Não está mais em mim a possibilidade de não me ter. 

Outro dia me peguei pensando que não queria companhia, não queria dividir o momento que eu queria ter, o lugar que queria ir. E a questão não é dividir, não é ser egoísta de querer algo só pra mim. Mas é que eu passei tanto tempo achando necessária essa divisão, esse compartilhamento, ceder o que é meu e o que sou em busca da felicidade do outro, porque também era a minha, que acabei esquecendo de como era ter tudo isso sem essa obrigação, mesmo que leve e espontânea, de dividir. 

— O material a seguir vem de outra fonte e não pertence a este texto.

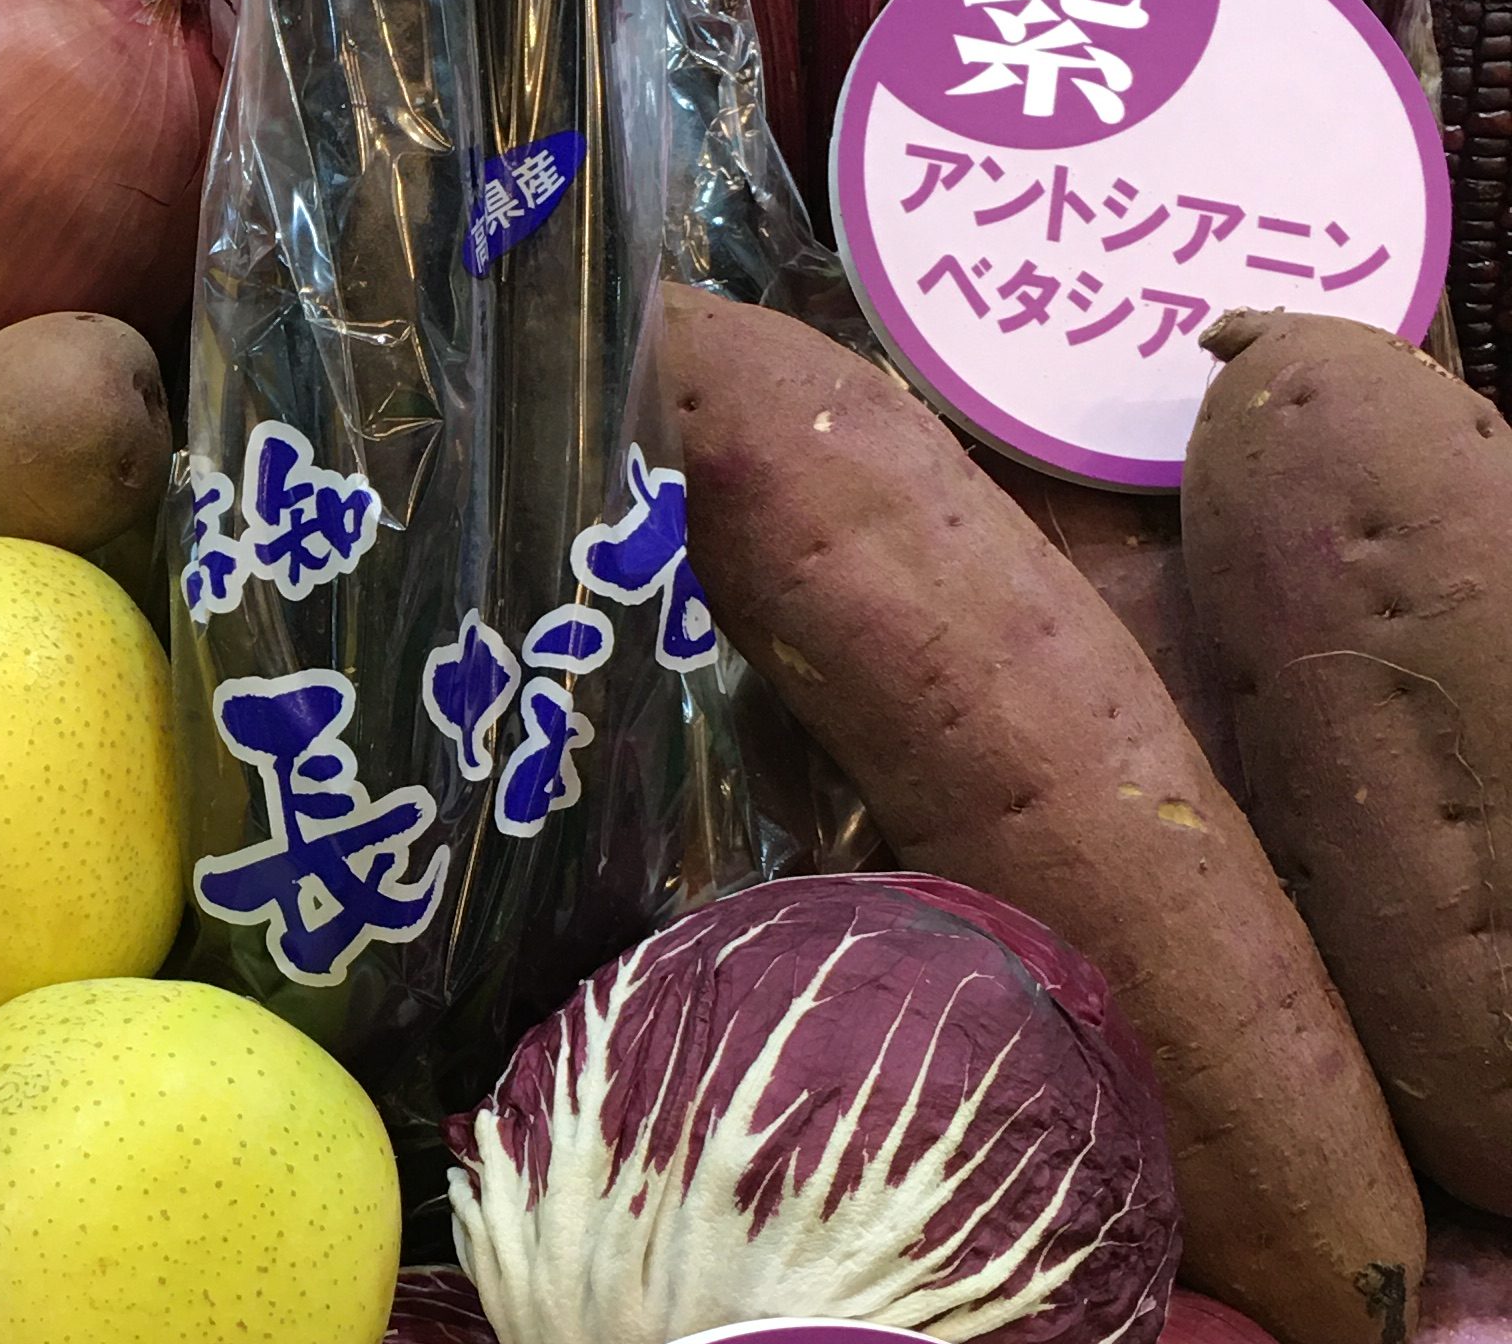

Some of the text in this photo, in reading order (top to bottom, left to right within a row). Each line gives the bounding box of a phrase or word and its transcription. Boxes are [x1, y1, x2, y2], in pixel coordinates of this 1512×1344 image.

[899, 143, 1391, 292] アントシアニン
[917, 253, 1212, 359] ベタシア
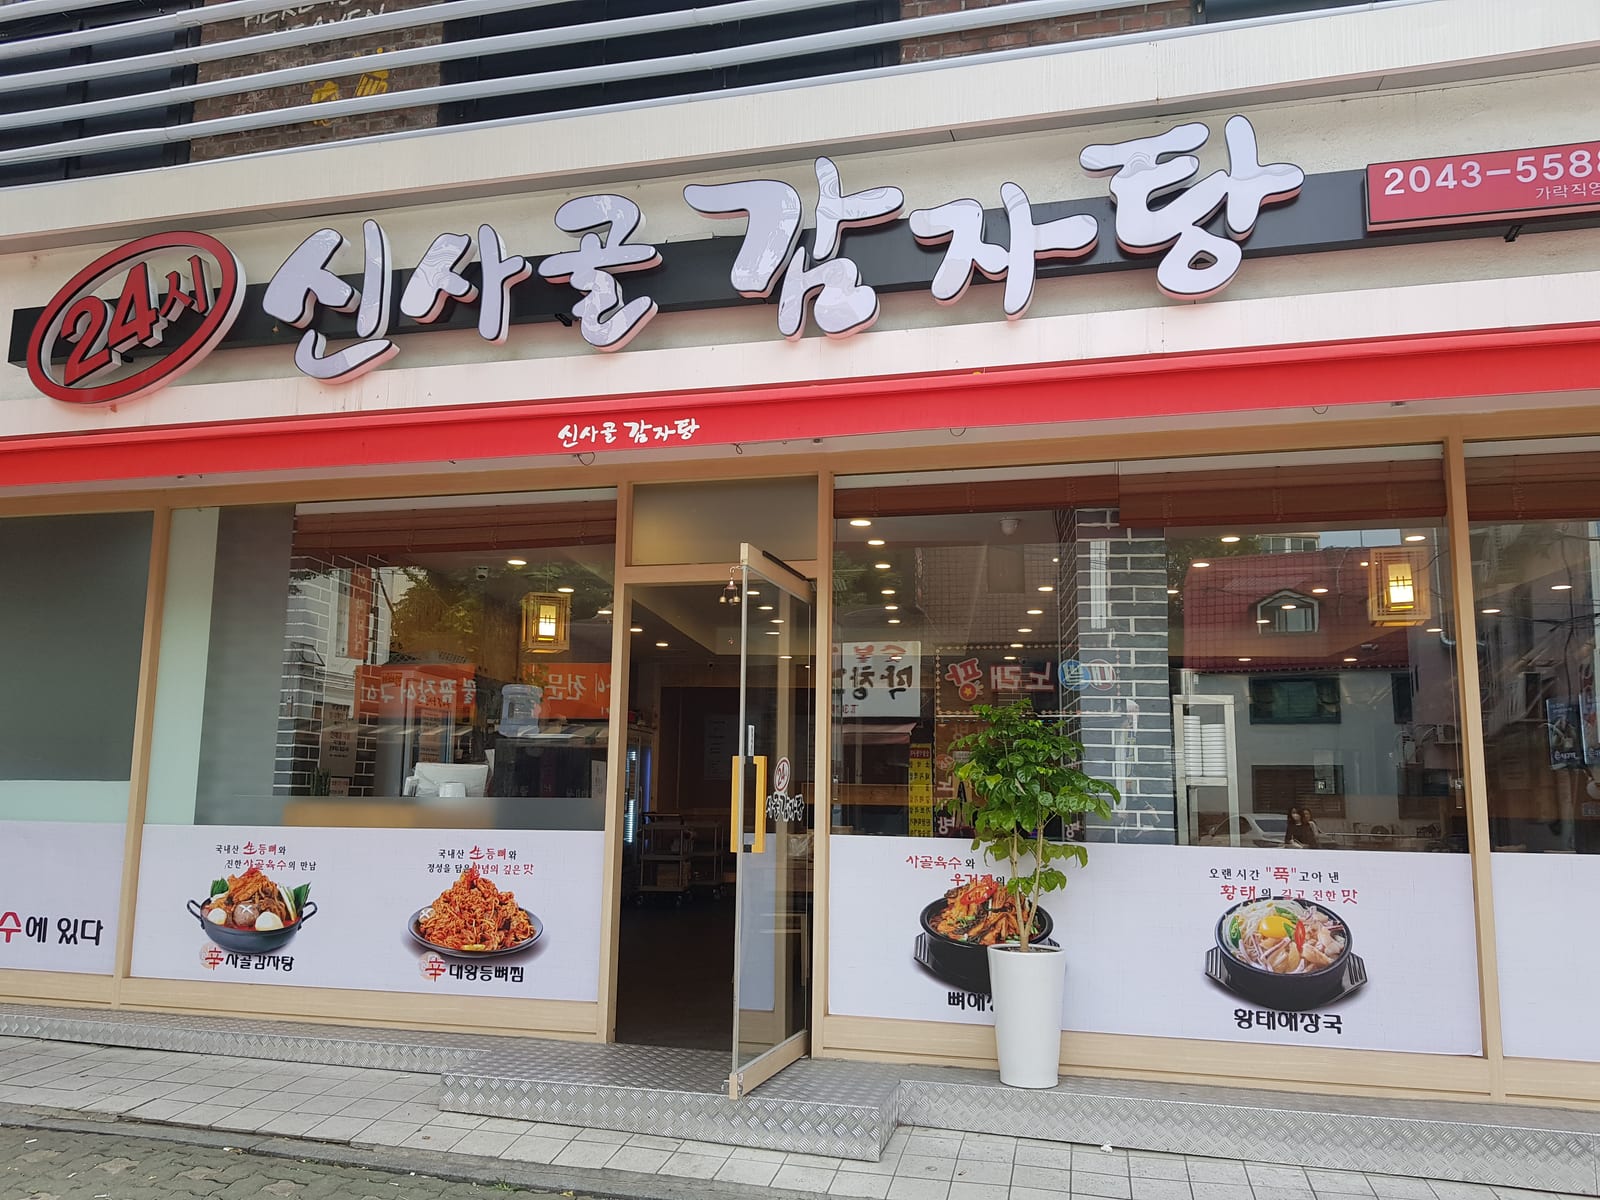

Desconstruir o que eu mesma criei, porque sentia que precisava, é uma busca de mim em mim mesma, por isso o reconhecimento do que é do outro e que tá em mim. Mas eu também preciso lembrar das minhas próprias partes, dos meus extremos conectados por ligações próprias minhas, dos meus sentimentos que geralmente demoram a sair de mim. 

Não ignoro os privilégios que me favorecem, assim como não mais assumo a culpa de não poder abraçar e carregar o mundo. Minhas responsabilidades são só minhas e jamais as desprezarei, porque também me fazem ser.

Minha felicidade, beleza, confiança e inteligência não faz de mim dona das características que os outros também possuem. Ser minha não faz com que eu me castre da dor, muito menos da frustração, porque também não são domadas e me fazem ser quem serei amanhã. 

Por hora, me contento em me encontrar hoje pra me perder amanhã, porque o reencontro comigo sempre é bom, saudável e extremamente necessário.